The unique features of this study are it is the first radiological or CT based study comparing two transportal techniques of ACL reconstruction, This study proves that there is no additional benefit of an accessory portal in terms of tunnel position accuracy as suggested in the technical note published [3]. This study is clinically relevant as femoral tunnel malposition is a leading cause of failure in ACL reconstructions and this study was done to investigate whether either of the two techniques improved femur tunnel positions. Results of this study suggest that the femoral tunnel positions are well placed in over 50% cases and none being grossly malpositioned using both techniques. Working and viewing the lateral femoral notch from the same side may cause overcrowding of instruments and potentially harder to execute. The conventional viewing from the lateral side and working from a low medial portal produces the same femoral tunnel positions in this study without the problem of overcrowding of instruments.
The possible drawbacks are a small sample size, as this was a pilot study. Measurement of the femoral tunnel using the best-fit circle may have inaccuracies, as at times the tunnel can be elliptical. Thus small measurement errors, especially in a small area like the lateral aspect of the notch, could potentially lead to inaccurate results. However, this is a prescribed CT scan technique to measure the femoral tunnel and has been used in previous studies to measure femoral tunnel position. Future studies with larger sample size and comparing tunnel position to patient-reported outcome measures could potentially determine an ideal femoral tunnel position and could potentially give a more statistically and clinically significant result.
Compliance with Ethical Standards
Conflict of Interest
The authors declare that they have no conflict of interest.

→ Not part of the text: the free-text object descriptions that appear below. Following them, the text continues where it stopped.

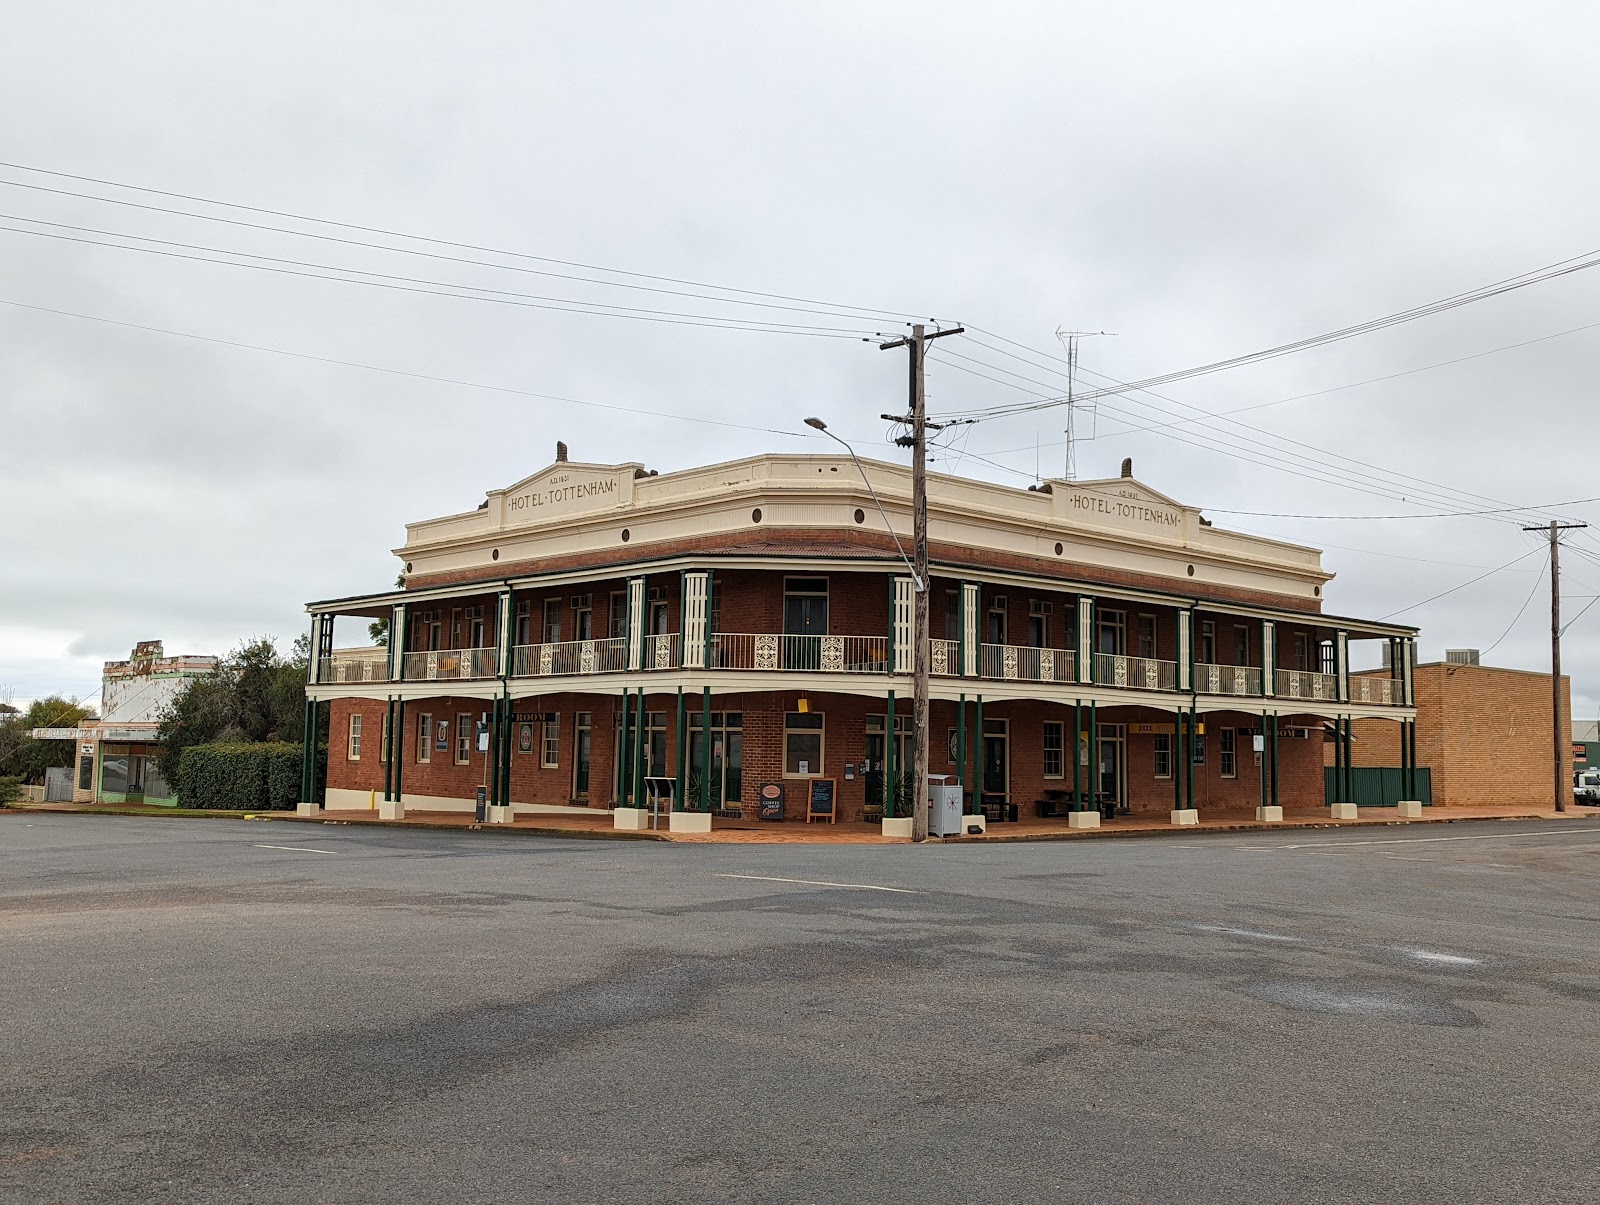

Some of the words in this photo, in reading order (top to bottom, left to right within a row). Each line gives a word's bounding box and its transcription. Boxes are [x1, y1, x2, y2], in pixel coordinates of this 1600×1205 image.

[511, 493, 544, 510] HOTEL
[548, 479, 614, 503] TOTTENHAM
[1074, 494, 1112, 514] HOTEL
[1116, 502, 1178, 526] TOTTENHAM
[515, 713, 546, 722] ROOM
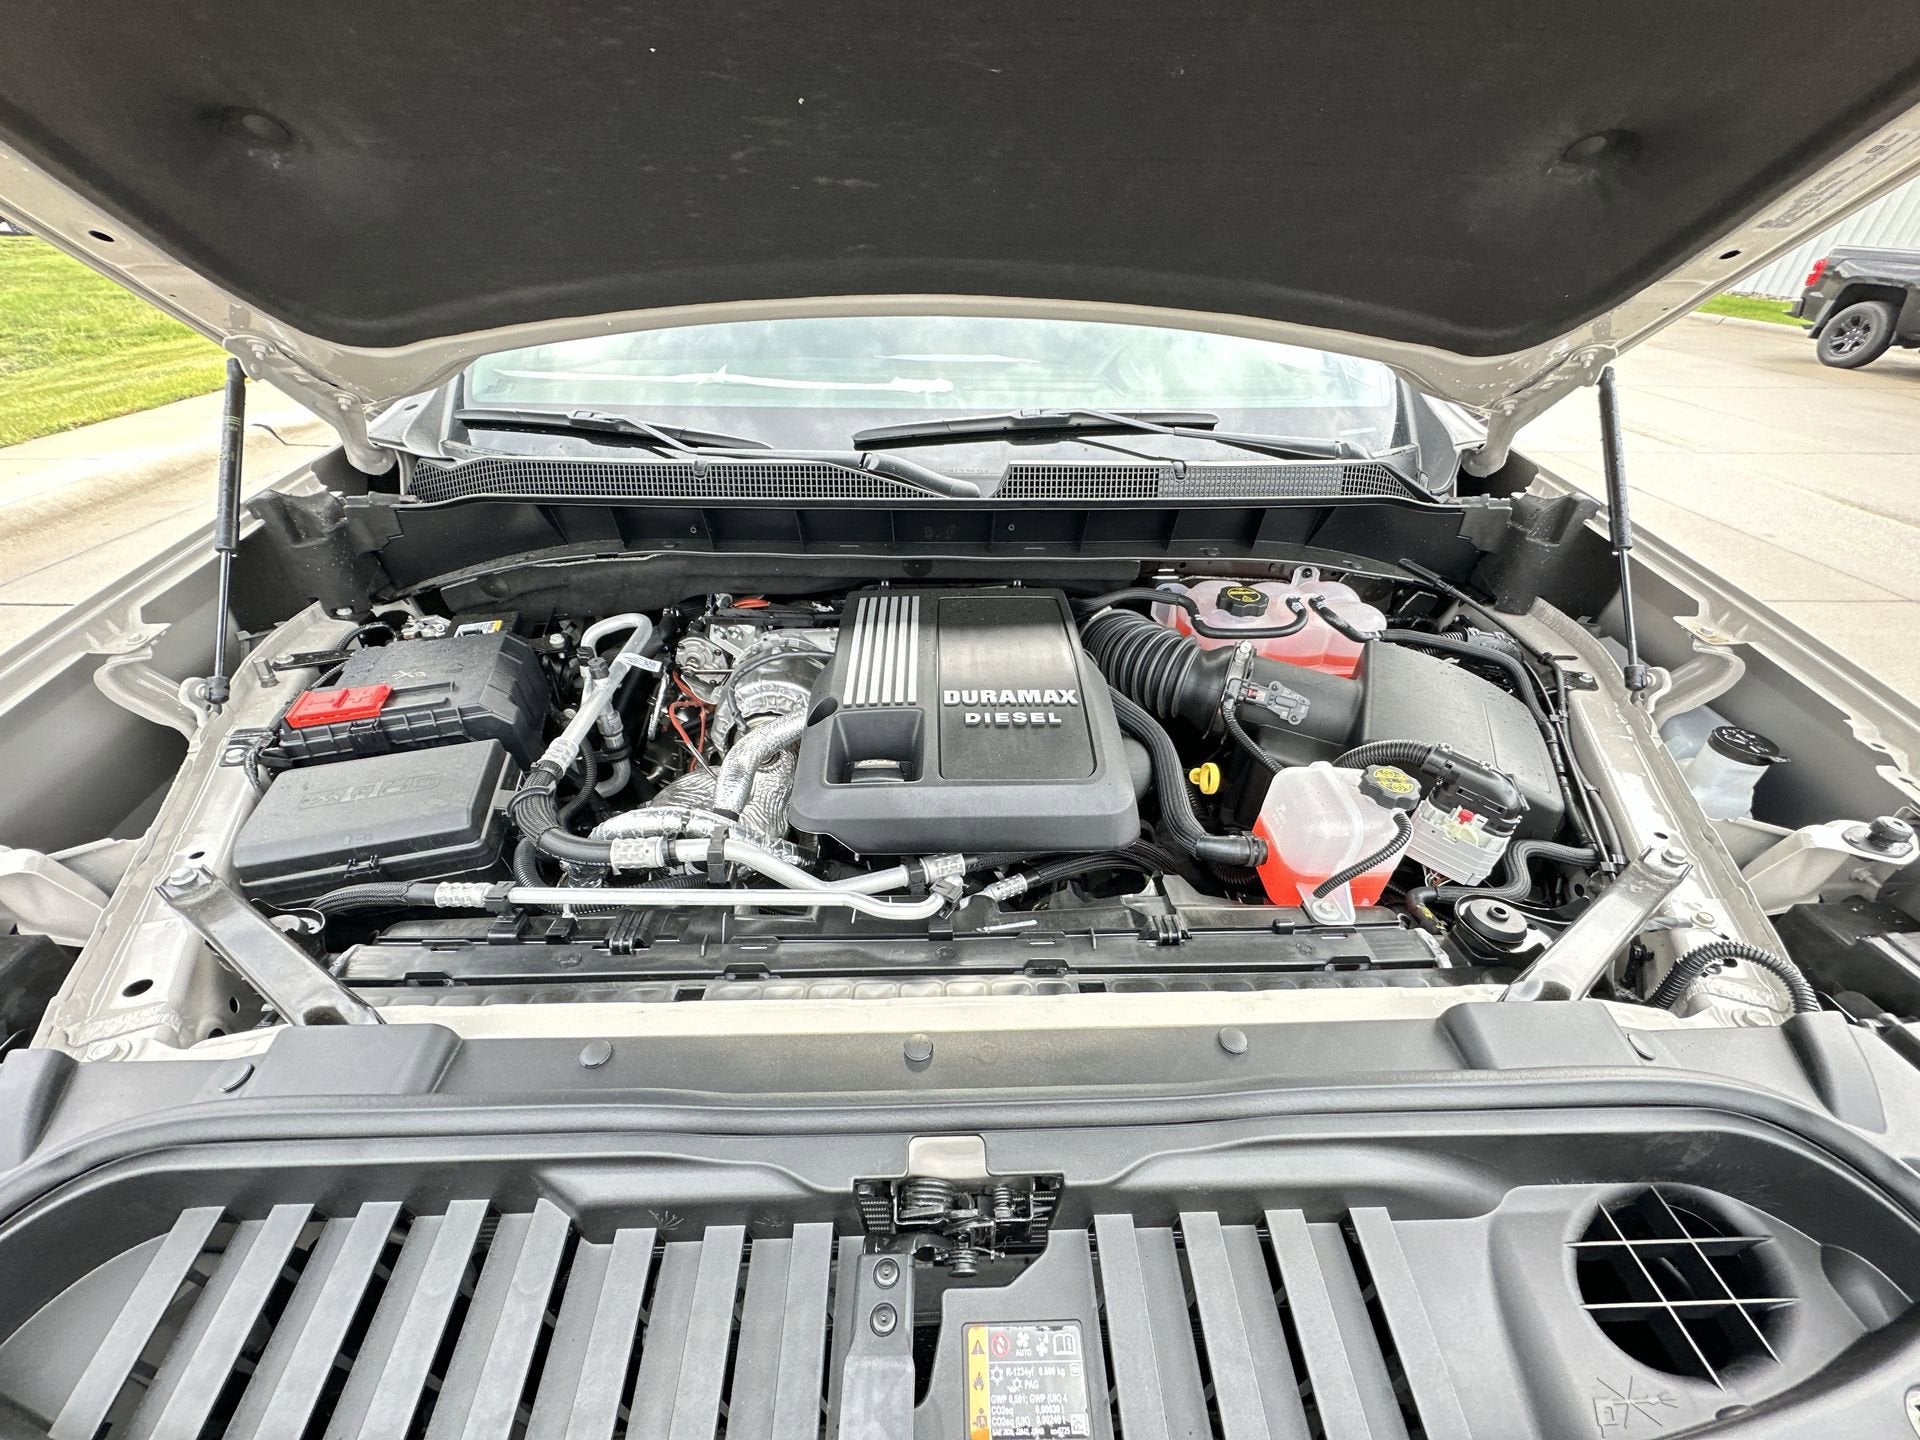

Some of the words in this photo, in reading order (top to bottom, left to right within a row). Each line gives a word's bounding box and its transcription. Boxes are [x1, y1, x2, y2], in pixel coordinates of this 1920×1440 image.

[943, 689, 1078, 706] DURAMAX
[965, 712, 1062, 726] DIESEL
[1015, 1348, 1032, 1357] AUTO
[1024, 1379, 1039, 1390] PAG
[991, 1395, 1007, 1404] GWP
[1029, 1393, 1046, 1404] GWP

Ethical Standard Statement
This study was approved by the Max Healthcare Ethics Committee.
Informed Consent
Informed consent was taken from every patient recruited in this study as per the protocol sanctioned by the Max Healthcare Ethics Committee.
Patient Declaration Statement
The authors certify that they have obtained all appropriate patient consent forms. In the form, the patient(s) has/have given his/her/their consent for his/her/their images and other clinical information to be reported in the journal. The patients understand that their names and initials will not be published and due efforts will be made to conceal their identity, but anonymity cannot be guaranteed.